Further, this leads to all sorts of imponderables such as when is use of a 'vision' a 'remake' and when is it an 'inspiration?' Also, I think RIA is mistaken, as a legal matter, here:
Actually, that is precisely what overly strong copywrite protections threaten with regards to broadcast media - the network 'owns' the content, and it can argue that the commercial breaks are integral to their artistic vision. Who are you to question that? Of course it isn't true, but prove it. Because that's what we want - a court deciding what does and does not belong as part of a performance...
There are plenty of technologies to help me skip past the parts I find unnecessary.

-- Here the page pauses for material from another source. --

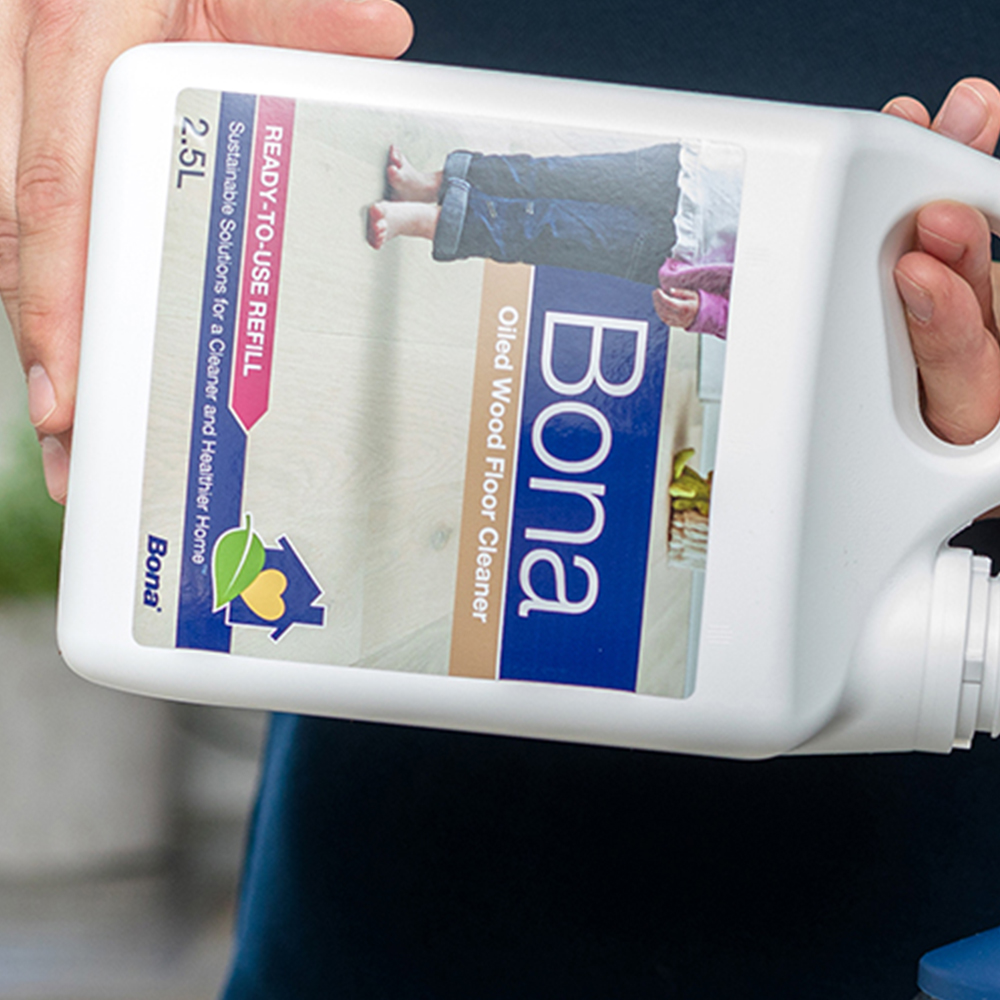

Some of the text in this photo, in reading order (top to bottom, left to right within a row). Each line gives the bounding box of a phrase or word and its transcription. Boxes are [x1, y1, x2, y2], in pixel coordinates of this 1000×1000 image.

To which technologies, by the way, the court decision does not apply, as noted in the article, nor do I argue that they should, as used by individual consumers. Nor do I buy the argument that the ruling opens the door, much less sets up a slippery slope, leading to forced commercial-watching or banning of TIVO, etc.
LeMew has more - a taste:
Matt is also right that it's important not to be diverted by distaste for the CleanFlix enterprise. First of all, what the company is doing is not terribly unusual; various forms of content that the mass audience might find objectionable are systematically removed to show movies on broadcast TV and airlines(*), for example, and the former further bowlderizes films to fit time slots and include commercials. Being a snooty civil libertarian aesthete with no kids, I find all of this silly, and in fact I pretty much never watch movies on broadcast TV or airlines, do not think that random bad words or stray nipples on TV present a massive cultural crisis, think that film would probably benefit from more nudity and eroticism (although probably could do with less movies about blowing stuff up) etc. etc. But the puritanism of CleanFlix is also essentially harmless--as opponents of puritan busybodyism often note, nobody's forcing you to watch their products--and of course ex post facto changes are infinitely preferable (for both artists and audiences) to preventing the work from being done in the first place. Instinctive hostility to middlebrow "family values" groups shouldn't compel one to fall into the trap of advocating terrible copyrights laws. It's also worth reiterating that where Congress' copyright powers are concerned, consequentialist analysis is not merely useful but required; the Constitution specifically does not hold that copyrights are a sacrosanct abstract right, but are designed to advance the public interest, which decisions like this manifestly fail to do. (emphasis mine)FWIW, I think the bolded point goes a long way to answering RIA's 'take it or leave it' viewpoint - and I can see (in a better world, perhaps) where allowing CleanFlix, etc. allows for more content - where this is allowed I can certainly see the arbitrary influence of the MPAA waning, and that's never a bad thing.